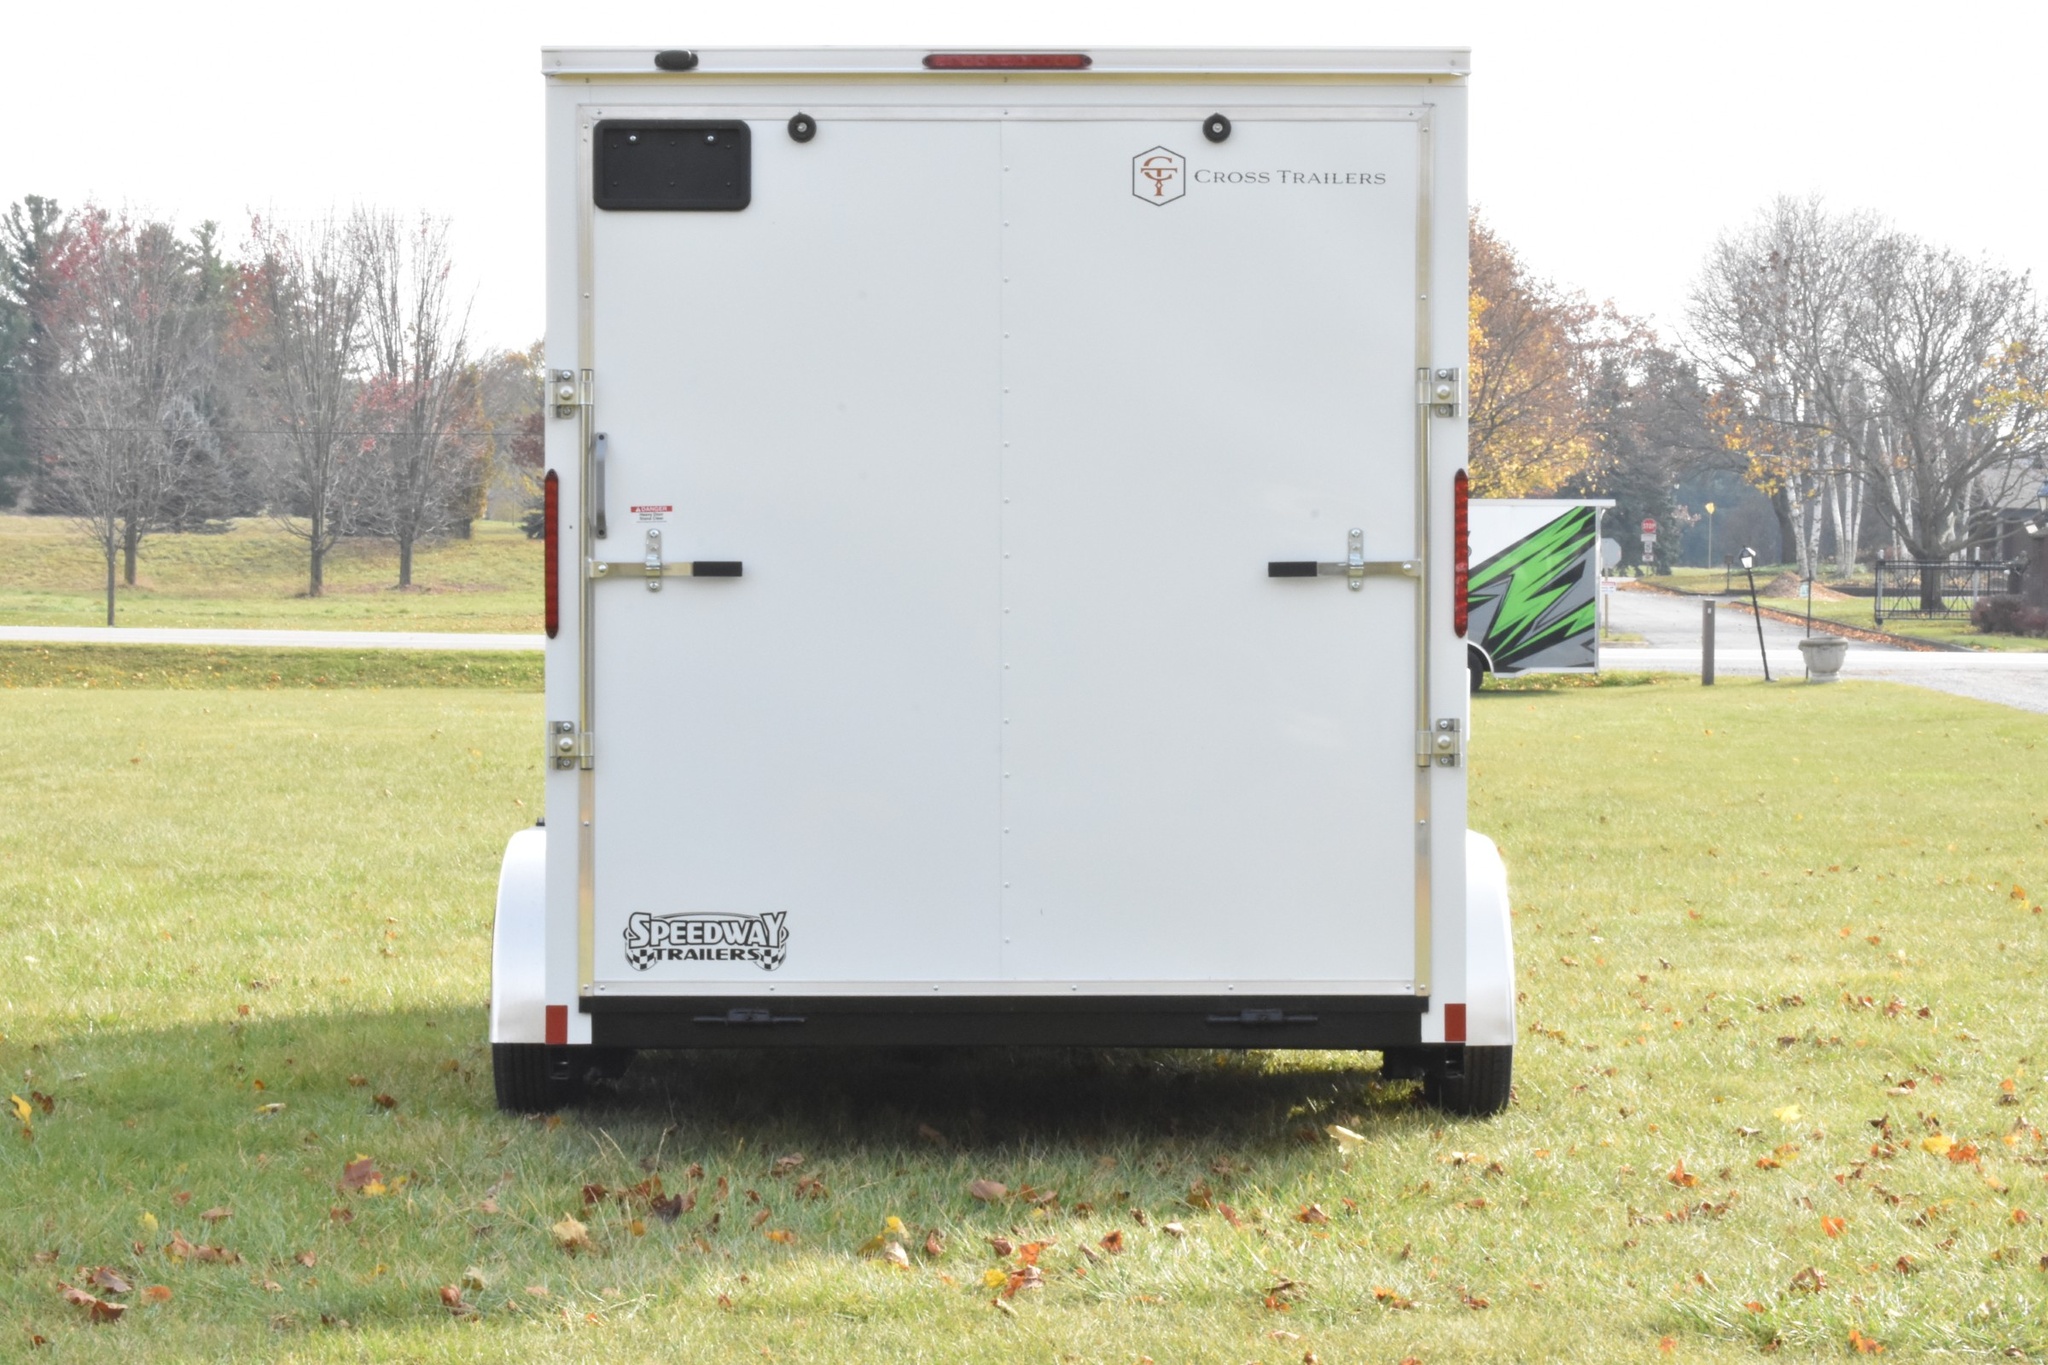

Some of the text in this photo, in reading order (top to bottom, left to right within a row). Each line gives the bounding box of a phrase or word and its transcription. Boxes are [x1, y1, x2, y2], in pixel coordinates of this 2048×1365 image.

[1276, 170, 1387, 185] TRAILERS
[628, 911, 787, 949] SPEEDWAY
[654, 948, 760, 961] TRAILERS
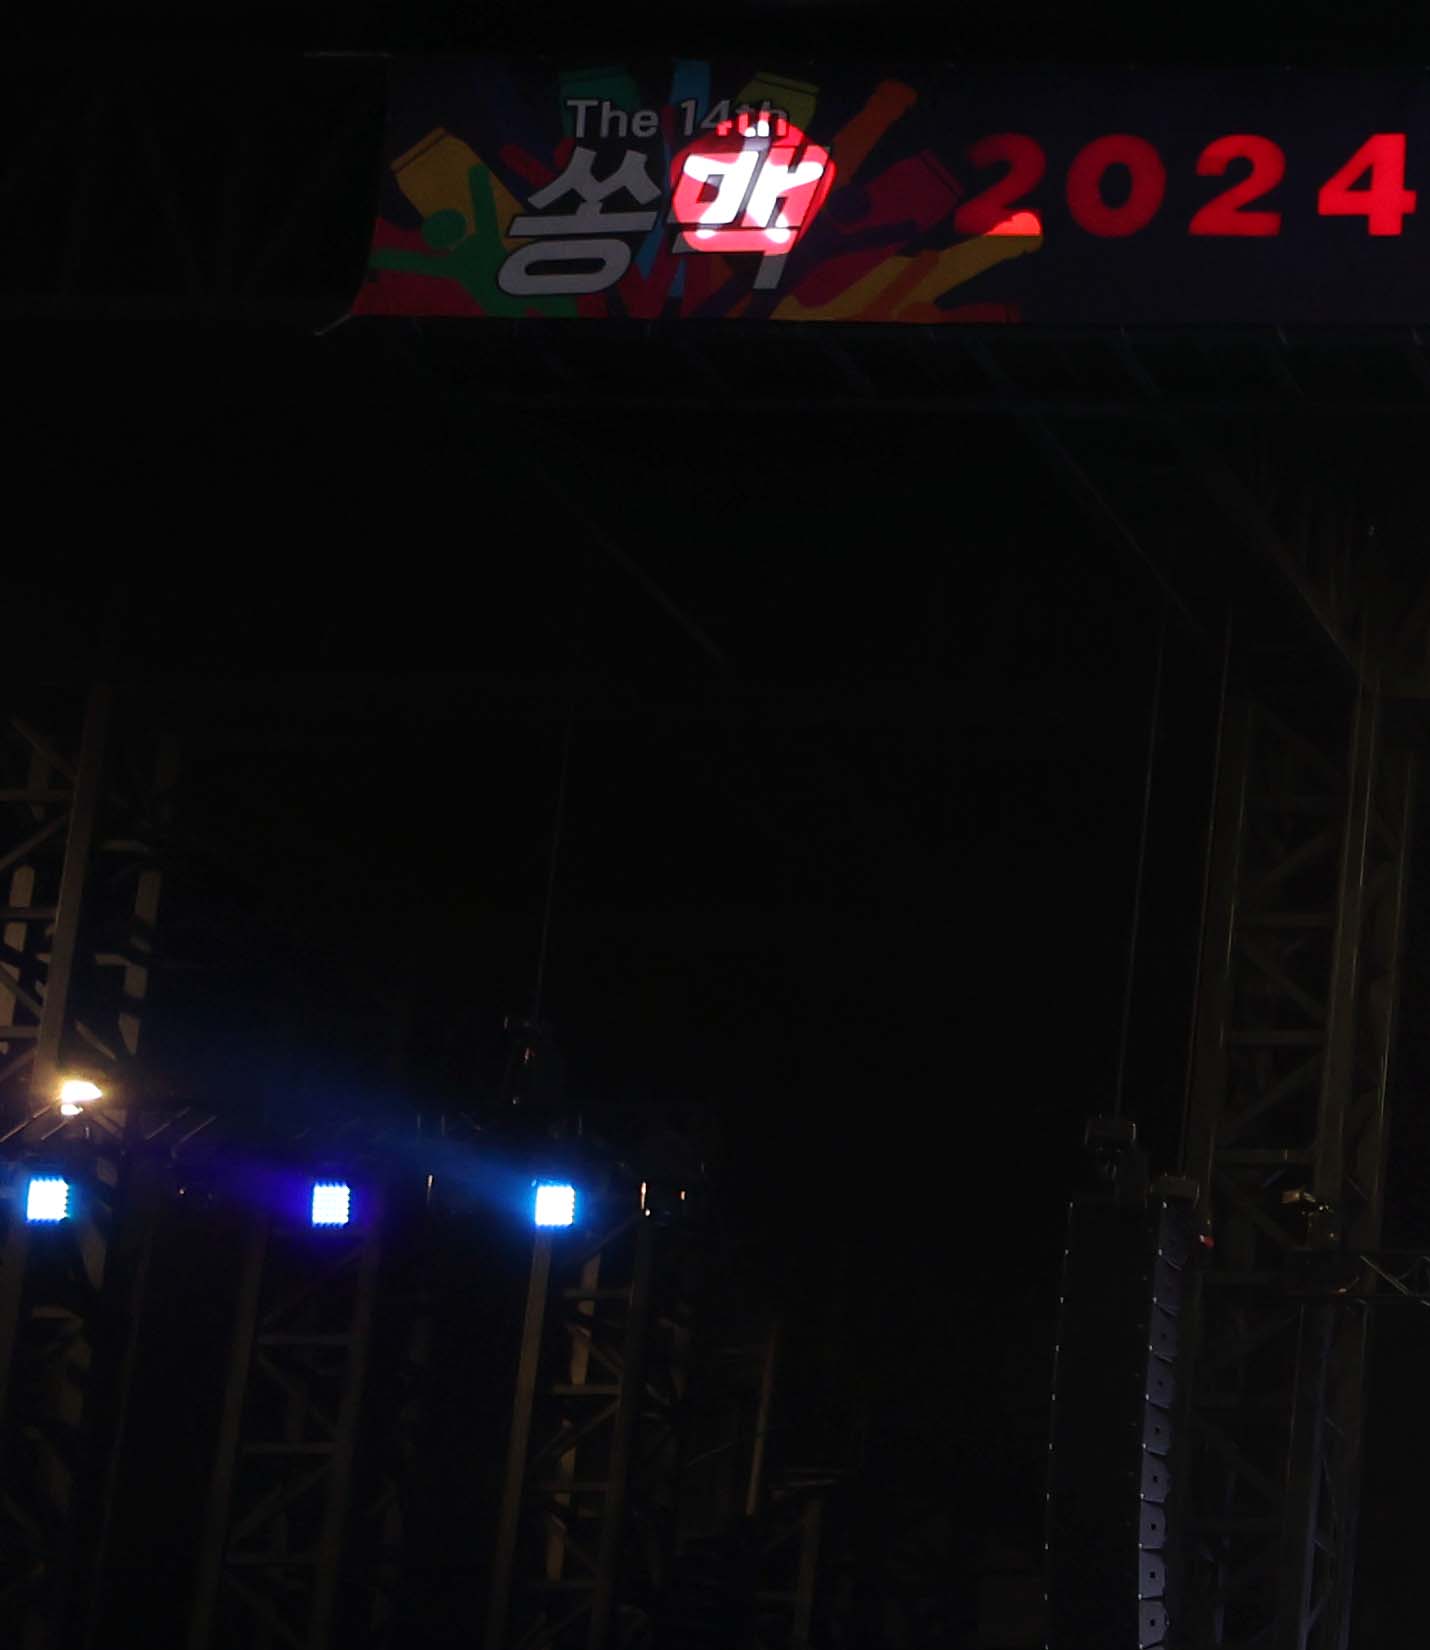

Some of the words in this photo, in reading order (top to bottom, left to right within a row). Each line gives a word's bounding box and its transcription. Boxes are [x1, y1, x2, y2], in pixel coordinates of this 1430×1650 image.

[566, 99, 660, 139] The
[679, 98, 789, 138] 14th
[954, 131, 1417, 239] 2024

DIRECTIONS FOR THIS TASK:
At the line containing "Some of the words", start transcribing exactly, and continue through the last line of the listing. Stop there and add nothing.

SOLVED EXERCISE:
Some of the words in this photo, in reading order (top to bottom, left to right within a row). Each line gives a word's bounding box and its transcription. Boxes are [x1, y1, x2, y2], in pixel coordinates of this 1430×1650 image.

[566, 99, 660, 139] The
[679, 98, 789, 138] 14th
[954, 131, 1417, 239] 2024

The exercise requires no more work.